PROBLEM TO WORK ON: What you return should match the listing exactly, minus its images.

RECORDED DATA:
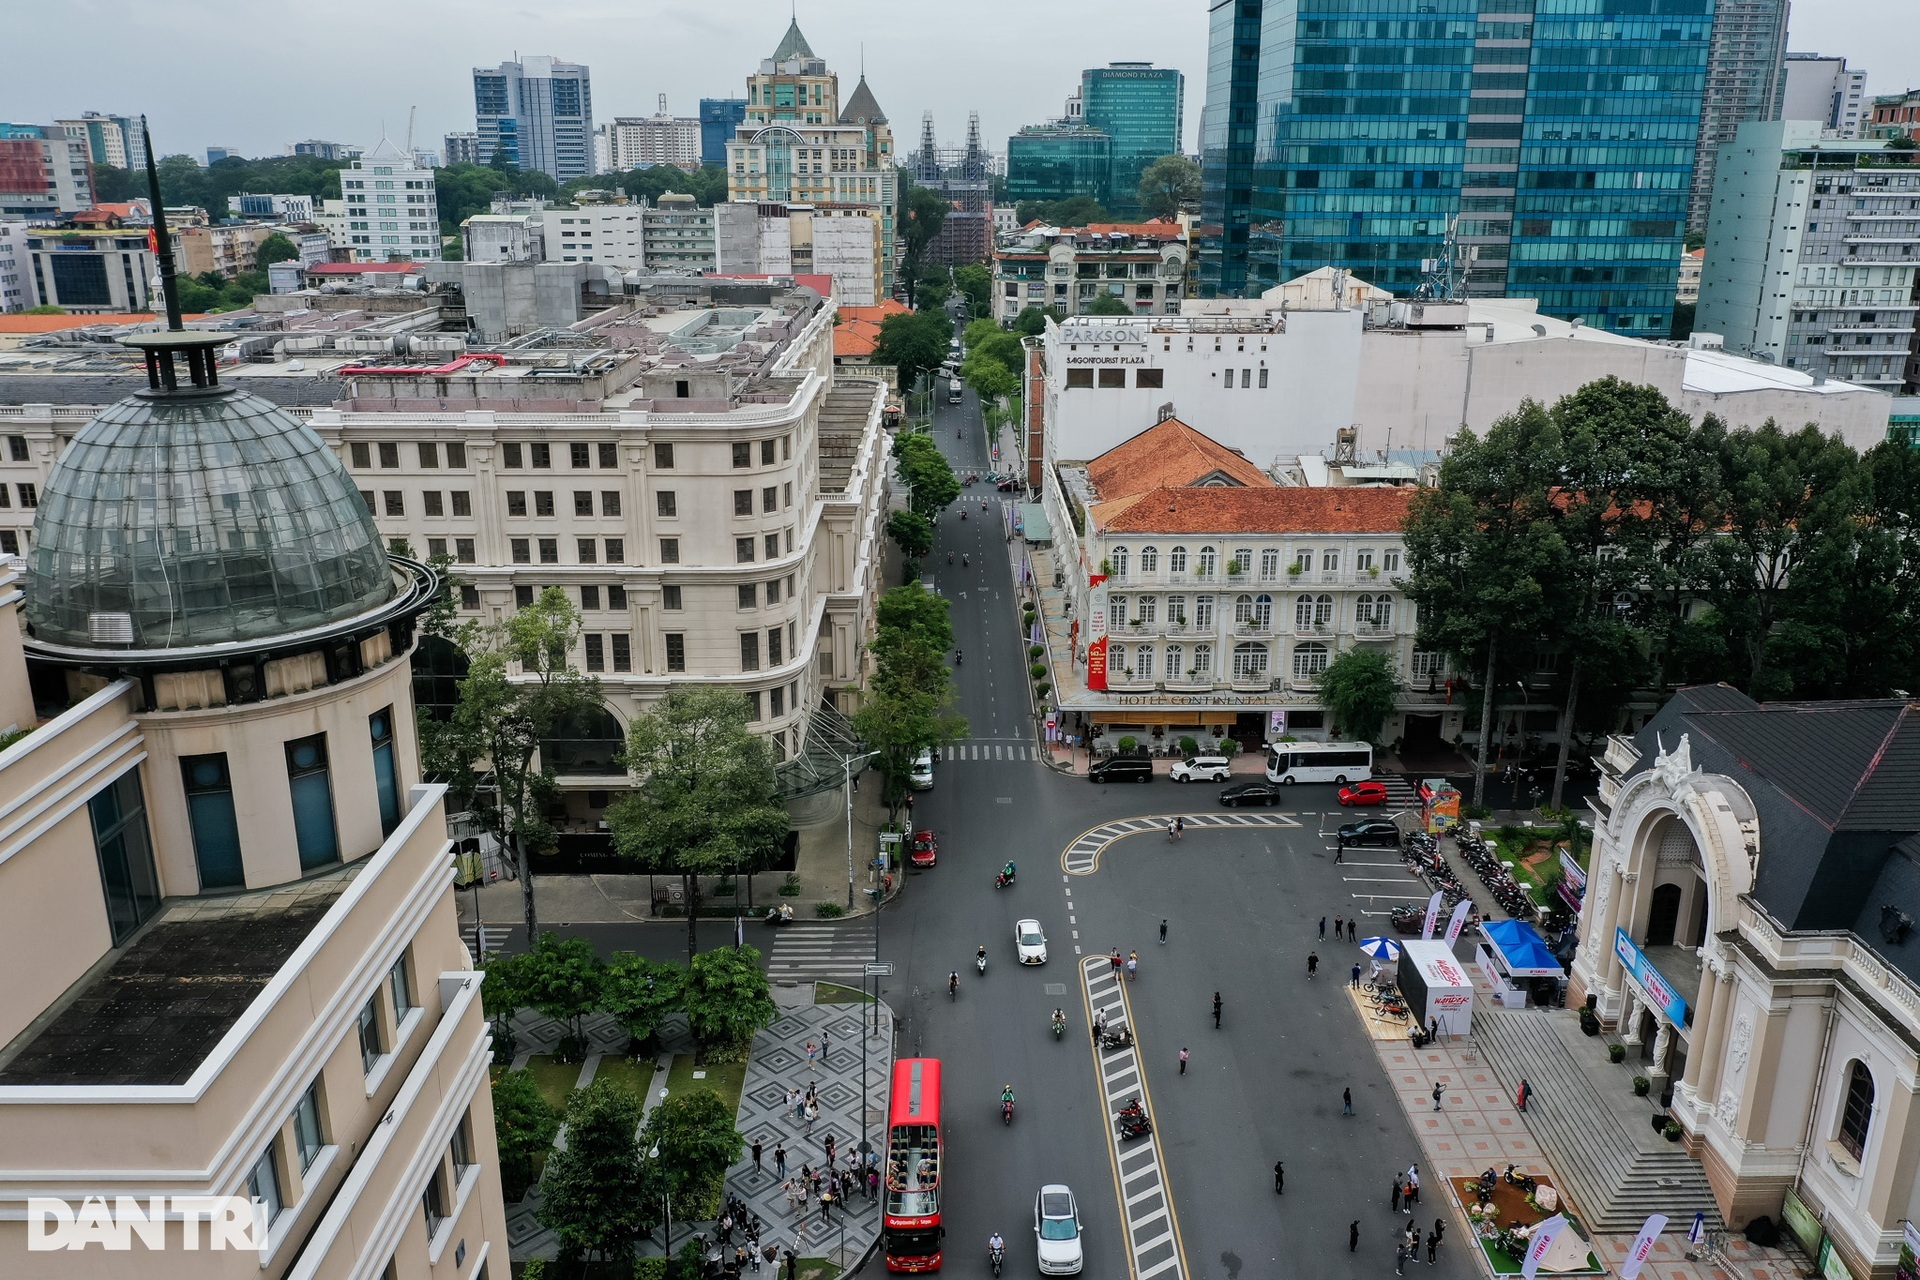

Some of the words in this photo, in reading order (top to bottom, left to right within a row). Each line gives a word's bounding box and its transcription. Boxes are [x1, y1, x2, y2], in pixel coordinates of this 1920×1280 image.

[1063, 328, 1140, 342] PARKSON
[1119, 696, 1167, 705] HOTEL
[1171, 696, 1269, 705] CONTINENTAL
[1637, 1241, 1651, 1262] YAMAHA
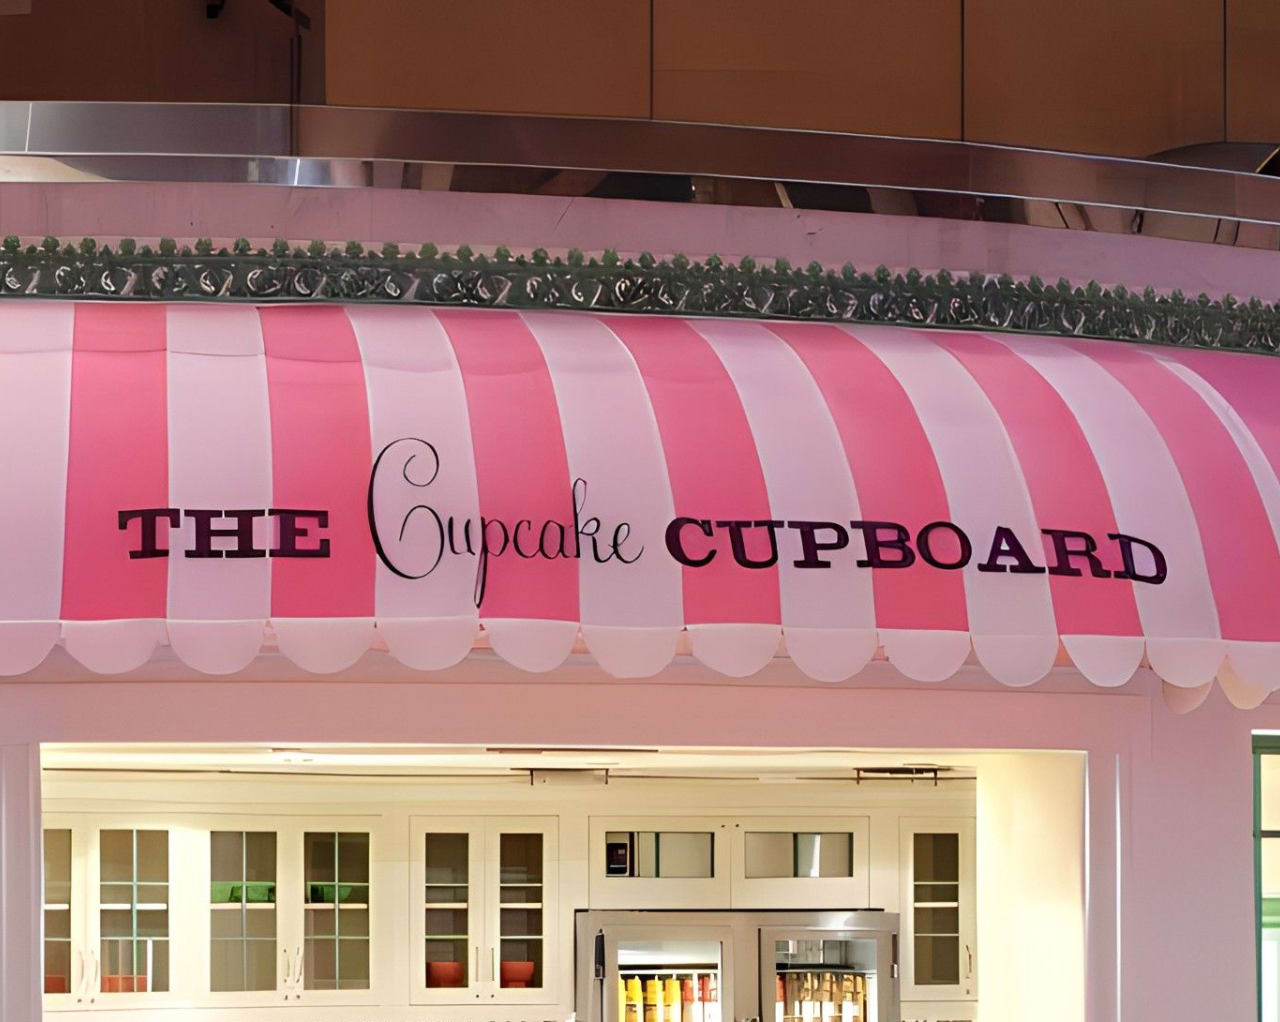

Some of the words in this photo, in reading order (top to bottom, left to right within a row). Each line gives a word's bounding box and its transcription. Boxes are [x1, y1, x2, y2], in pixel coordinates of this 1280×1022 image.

ANSWER TO THE EXERCISE:
Some of the words in this photo, in reading order (top to bottom, left to right within a row). Each line gives a word's bounding box and its transcription. Boxes are [x1, y1, x2, y2], in pixel coordinates of this 1920×1280 image.

[1063, 328, 1140, 342] PARKSON
[1119, 696, 1167, 705] HOTEL
[1171, 696, 1269, 705] CONTINENTAL
[1637, 1241, 1651, 1262] YAMAHA

Some of the words in this photo, in reading order (top to bottom, left to right within a row). Each line gives a word's bounding box and its transcription. Boxes are [x1, y1, x2, y2], in pixel coordinates of this 1280×1022 image.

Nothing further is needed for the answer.